Nevertheless, the song’s melancholy emerges through lyrical inversion in Erykah Badu’s “Master Teacher”. Mayfield sings, “All I want is some piece of mind/With a little love I’m trying to find/This could be such a beautiful world/ . . .”. Erykah reconfigures Curtis: “I am known to stay awake/A beautiful world I’m trying to find/I’ve been in search of myself/A beautiful world is just too hard for me to find/Said it’s just too hard for me to find/I’m in the search of something new/Searching in me, searching inside you (and that’s for real)/What if there was no niggas only master teachers?/I stay woke”; Curtis echoes “dreams”. If one staged an intervention around niggas (and authenticity) via R. A. T. Judy (1994) to address why Freddie(Gray)’s dead, death by eye contact maps a long history of the “nigga” as “badman”: “nigga is misread as nigger. . . . The nigga of hard core blurs with the gang-banger, mack daddy, new-jack, and drug-dealer, becoming an index of the moral despair engendered by a thoroughly dehumanizing oppression, and hence inevitably bearing a trace of that dehumanization” (Judy 217).

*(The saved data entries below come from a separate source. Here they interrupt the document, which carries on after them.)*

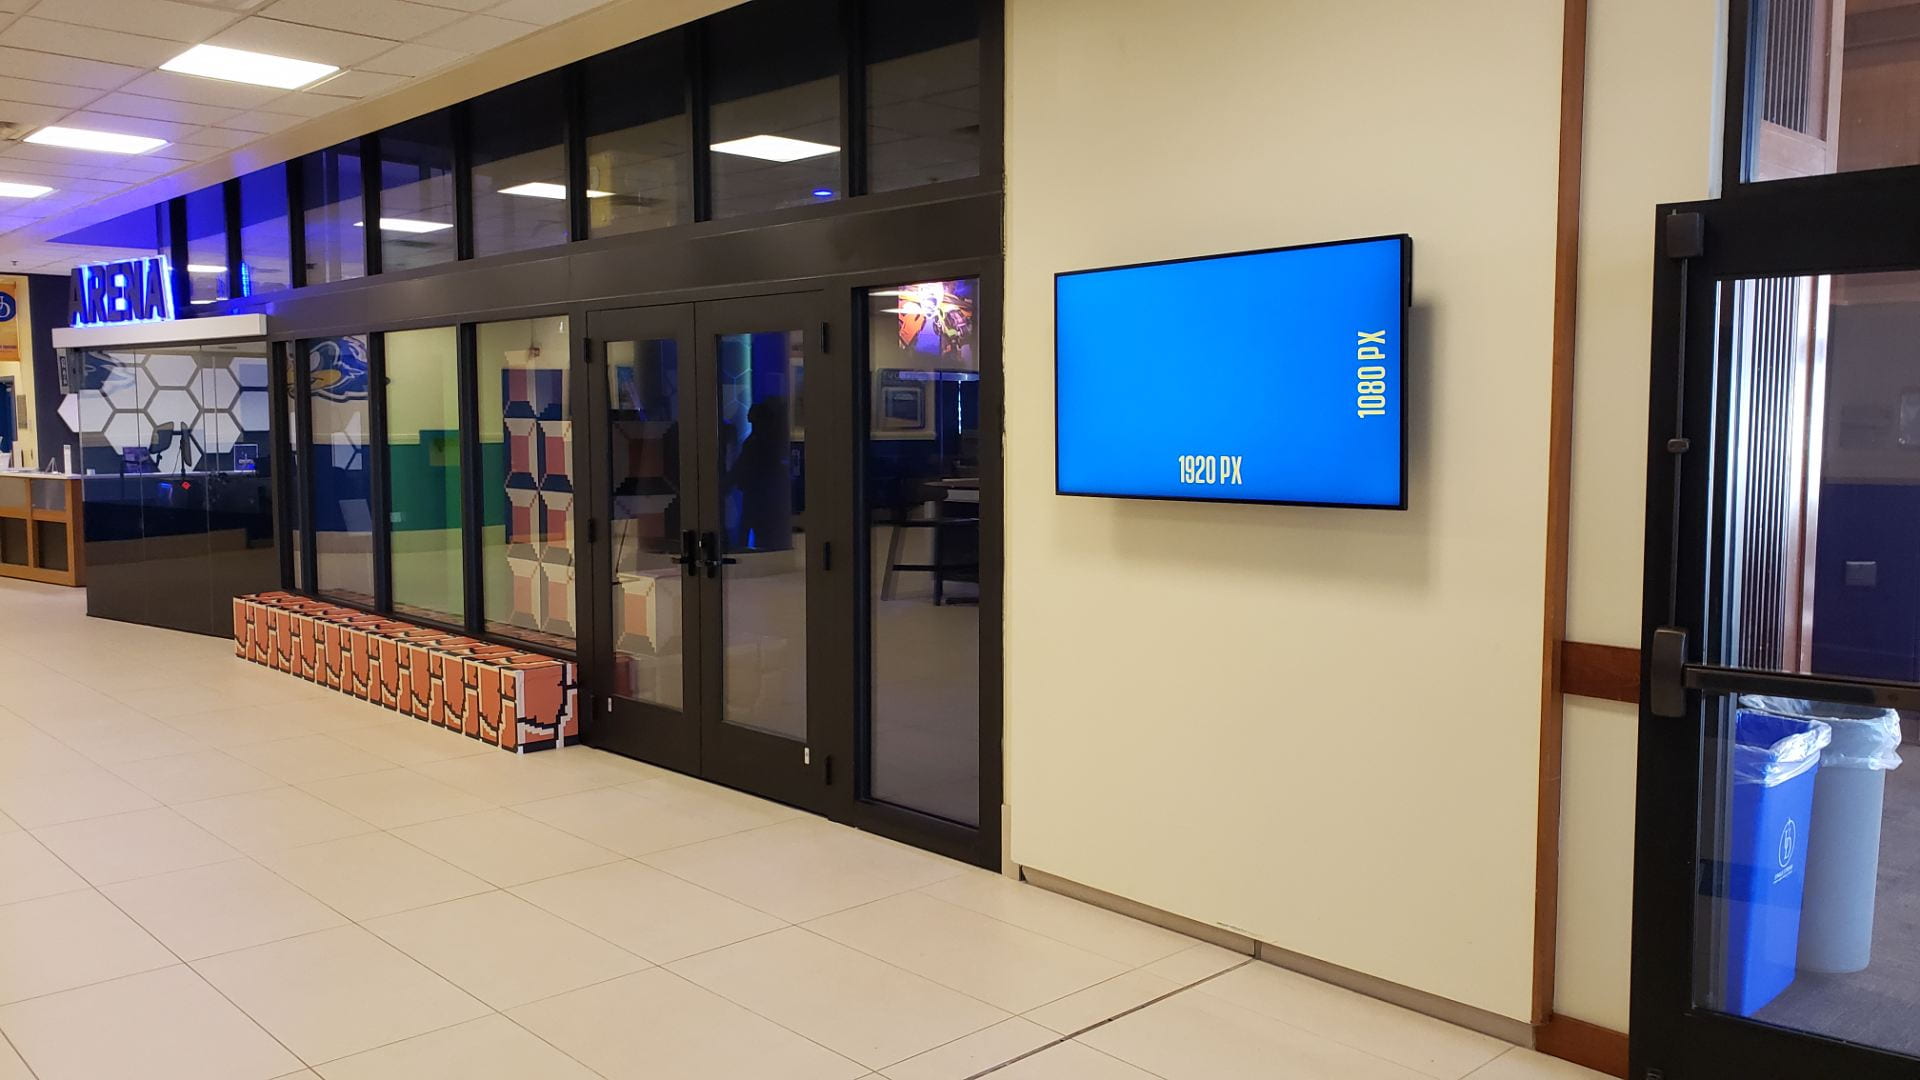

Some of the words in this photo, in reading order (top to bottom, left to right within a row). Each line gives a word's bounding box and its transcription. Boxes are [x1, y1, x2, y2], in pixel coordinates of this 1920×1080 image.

[69, 256, 170, 327] ARENA
[1357, 330, 1386, 361] PX
[1357, 366, 1386, 418] 1080
[1178, 455, 1216, 484] 1920
[1220, 455, 1243, 485] PX
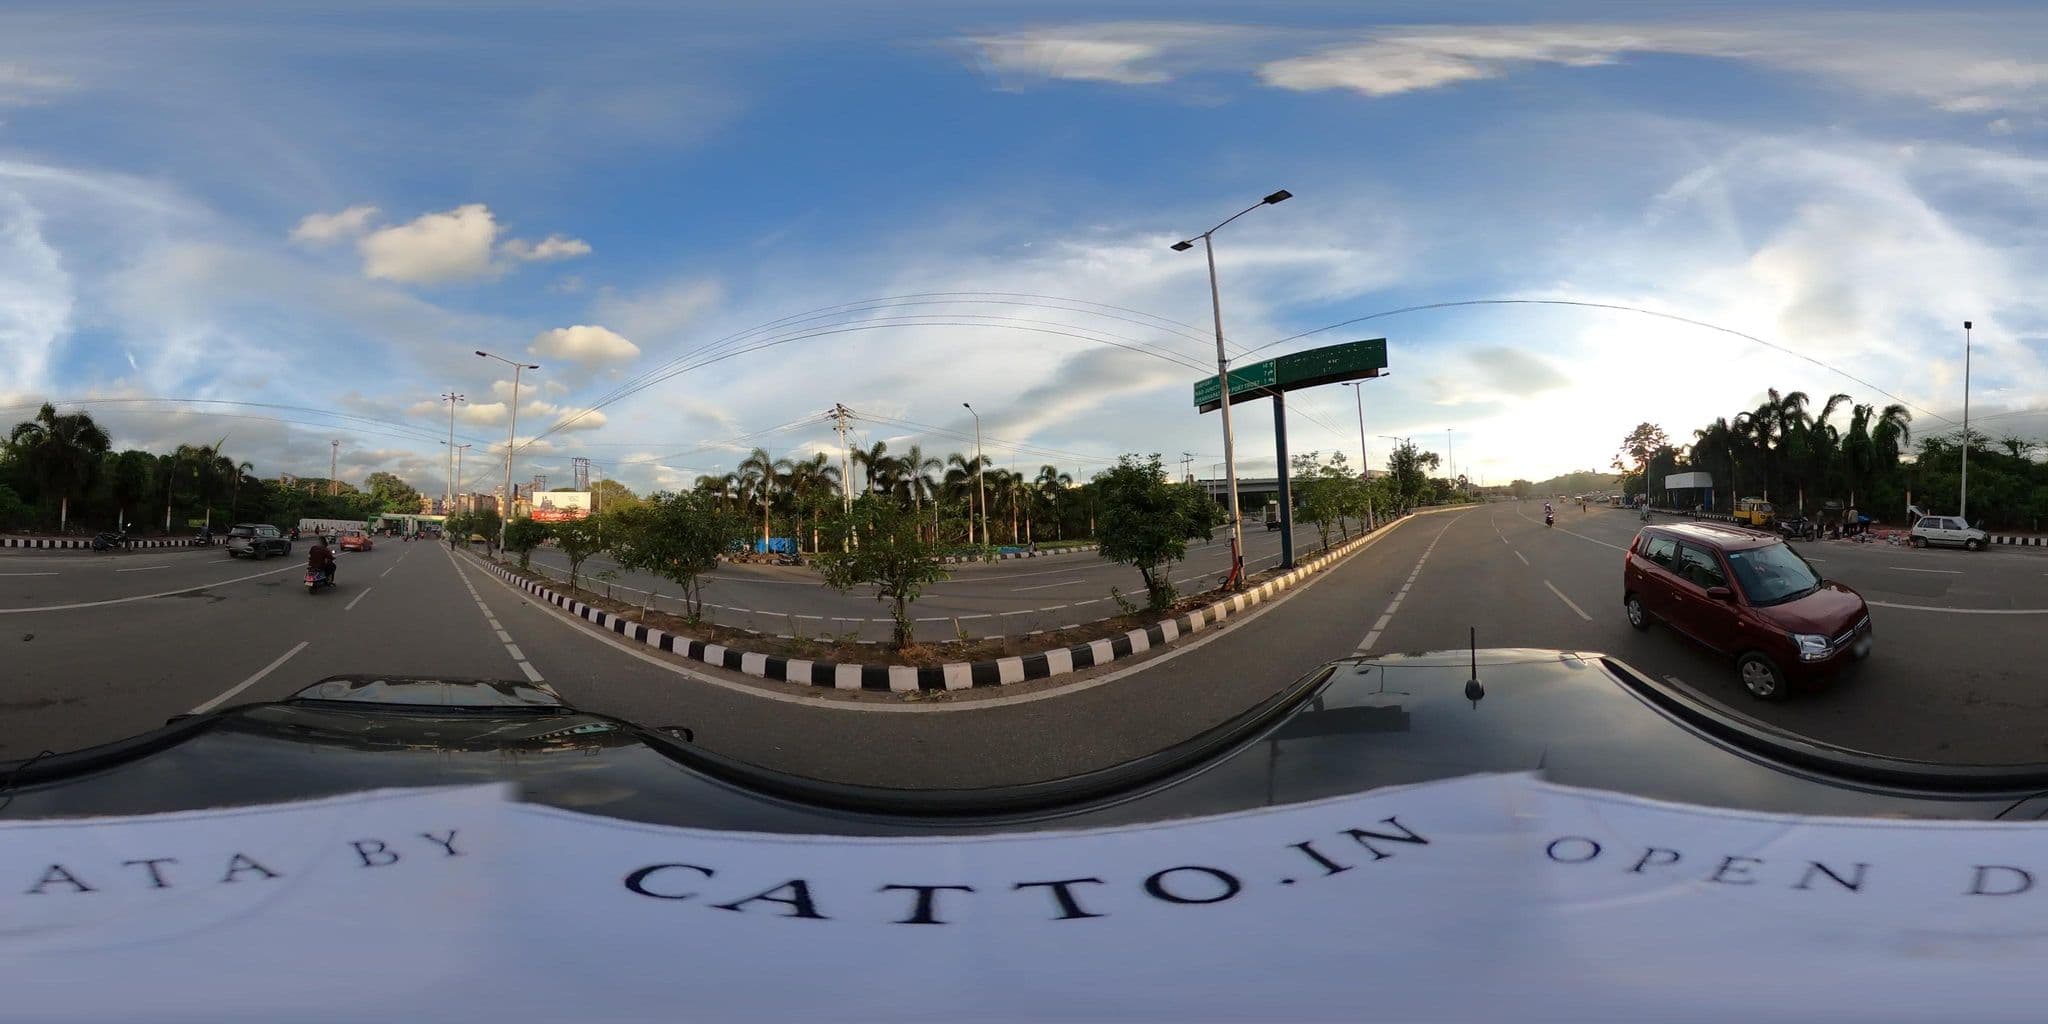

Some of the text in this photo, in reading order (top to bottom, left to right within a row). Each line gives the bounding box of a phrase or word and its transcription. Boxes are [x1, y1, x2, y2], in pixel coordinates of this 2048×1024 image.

If the exegesis is correct, as “the eye”/I. sees it, Freddie was “asking for it” by daring to even look at “the man”: treatment like a rag doll enfolded upon itself; doubling his back as a do-over of the double bind; boxing him in crateless as Brown, Henry rethought; breaking his neck, but not like Busta, because one’s life is the ultimate cost of his encoding as a “nigga”, even if the aggressor meant nigger. All the while, many never interrogate whether the people who read Freddie as such, vis-à-vis Nas, require decoding themselves.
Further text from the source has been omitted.